Dulles's book presents the reader with a concise and systematic, though sometimes rote, summation of John Paul's theological work. The book marches along to a familiar cadence of Catholic orthodoxy, which is echoed in many circles of Catholic theological interest–except, unfortunately, the academy, where such a book is nothing less than a breath of fresh air. What is more, the fact that Dulles is an esteemed theologian recently elevated to the College of Cardinals only adds to the book's credence, making it worthy of careful study. The Splendor of Faith is ideal for students of theology interested in understanding the fundamentals of Catholicism and knowing more about the themes of the current pontificate. However, nothing about Dulles's style grabs the reader; in fact, the book is at times dry and formidably academic.

Below the surface, however, a salient objective seeps through the book's pages. In a manner characteristic of this humble and intellectually refined Jesuit, Cardinal Dulles judiciously addresses the intellectual fallout within Catholic theology after the Second Vatican Council. In contrast to the negative assertions of conservatism that assail this pope, Dulles presents a tightly woven case for John Paul's being, unequivocally, a pope of the council and a most formidable theologian of the post-conciliar church.

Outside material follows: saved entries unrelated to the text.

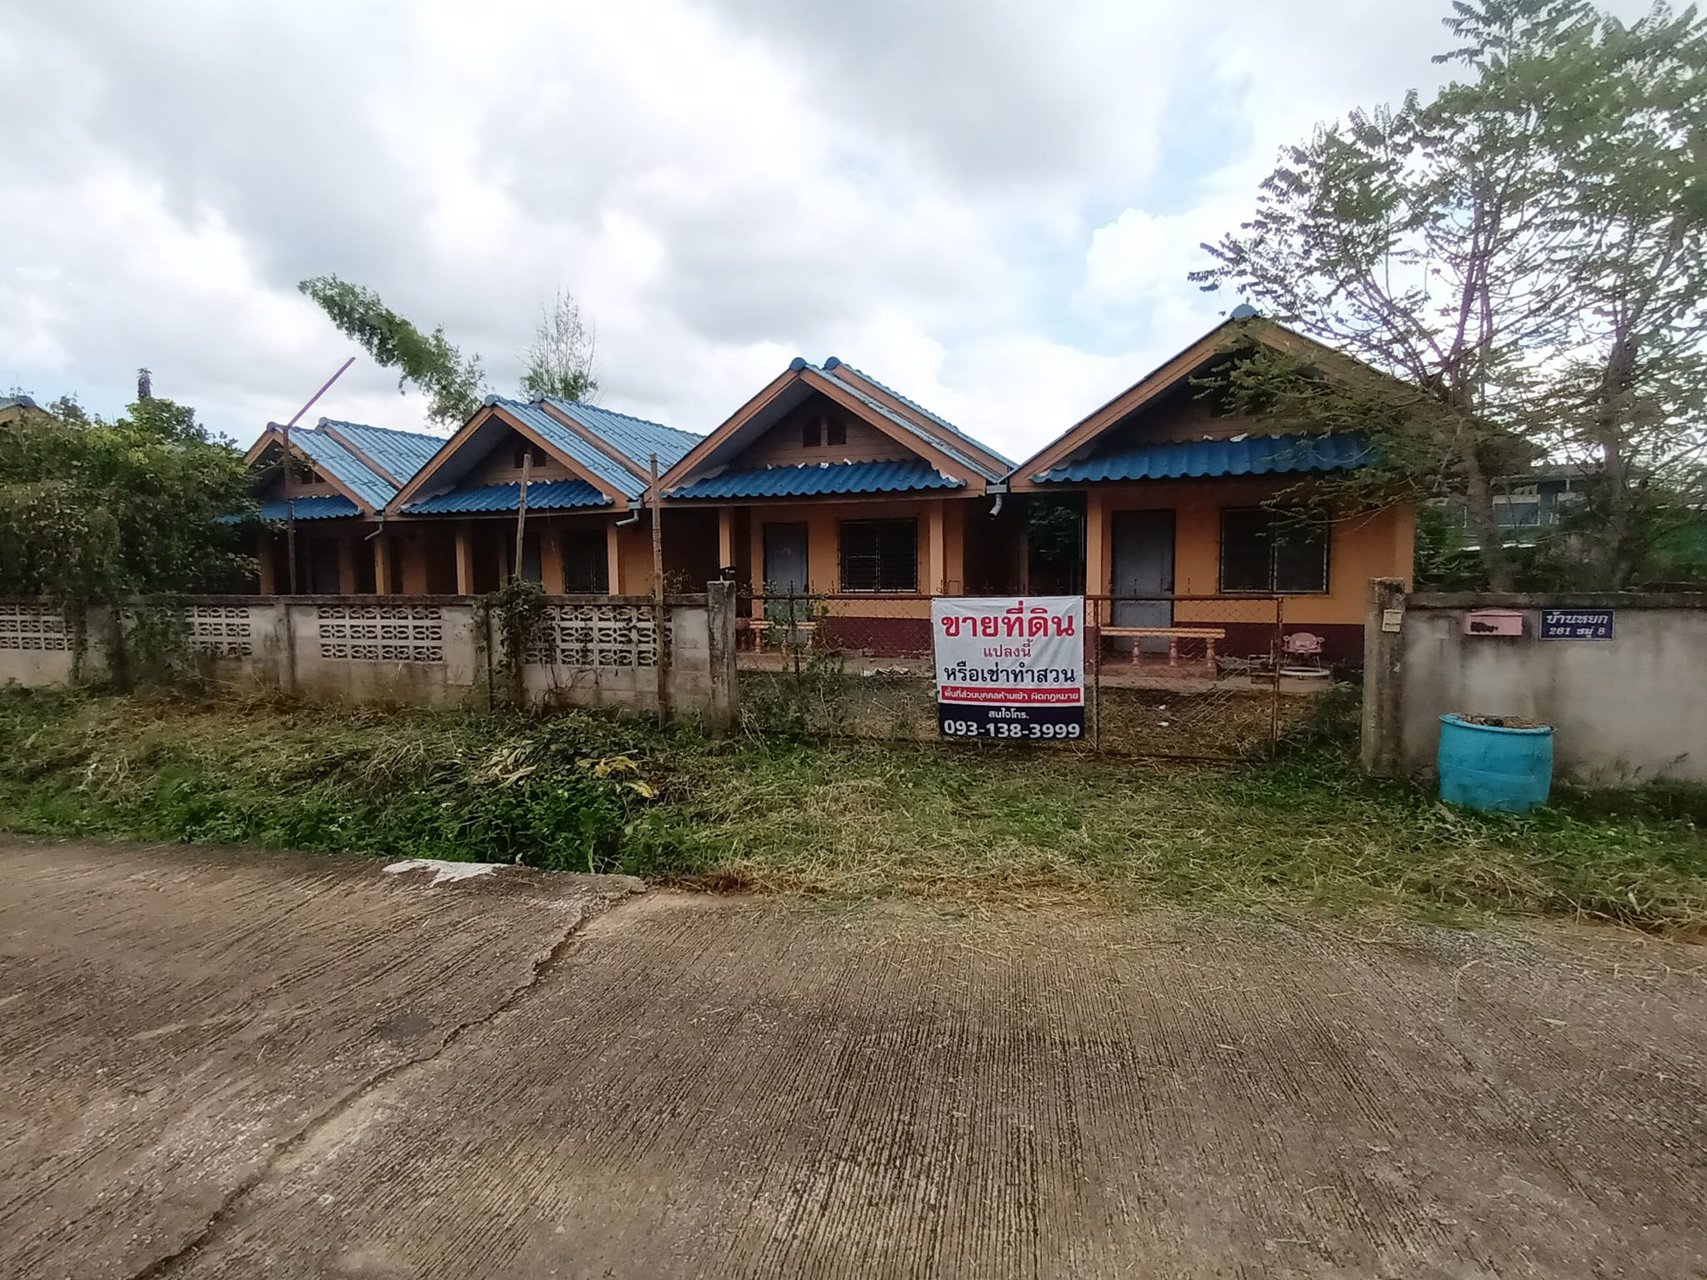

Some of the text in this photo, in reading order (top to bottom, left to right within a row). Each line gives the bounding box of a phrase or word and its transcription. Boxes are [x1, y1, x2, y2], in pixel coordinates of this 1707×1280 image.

[941, 600, 1075, 638] ขายที่ดิน
[983, 639, 1034, 658] แปลงนี้
[944, 661, 1076, 683] หรือเช่าทำสวน
[988, 708, 1030, 719] สนใจโทร.
[943, 720, 1080, 738] 093-138-3999

The book opens with a chapter-long biographical overview of the pope's life, which enfleshes the themes that vivify this pontificate. The succeeding chapters engage one article of faith after another, beginning with the Trinity and concluding with the last things. By wading through John Paul's voluminous theology, Dulles presents the continuity of the pope's thought before, during, and after the council. He shows just how wedded John Paul is to the vision of the council and, in doing so, demonstrates that his desire to implement Vatican II is the very centerpiece of his apostolic ministry.

John Paul's intellectual dynamism has clearly provided him with an untiring impetus to confront the errors of secular humanism, and yet, as the successor of Peter, he does so by affirming all that is good in the modern world. As Dulles leads us to conclude, John Paul's theology is not simply an abstract intellectual exercise aimed at entrenching the church in the distant past but an undertaking inspired by a rapt conviction that Christ is the absolute fulfillment of human desire. And for those in the post-conciliar church who insist on rooting theology in praxis, John Paul's theology is conceived and developed from the seedbed of his evangelization and pastoral ministry, both before and after his election to the papacy. Dulles's many references to the pope's personal life illustrate this fact well.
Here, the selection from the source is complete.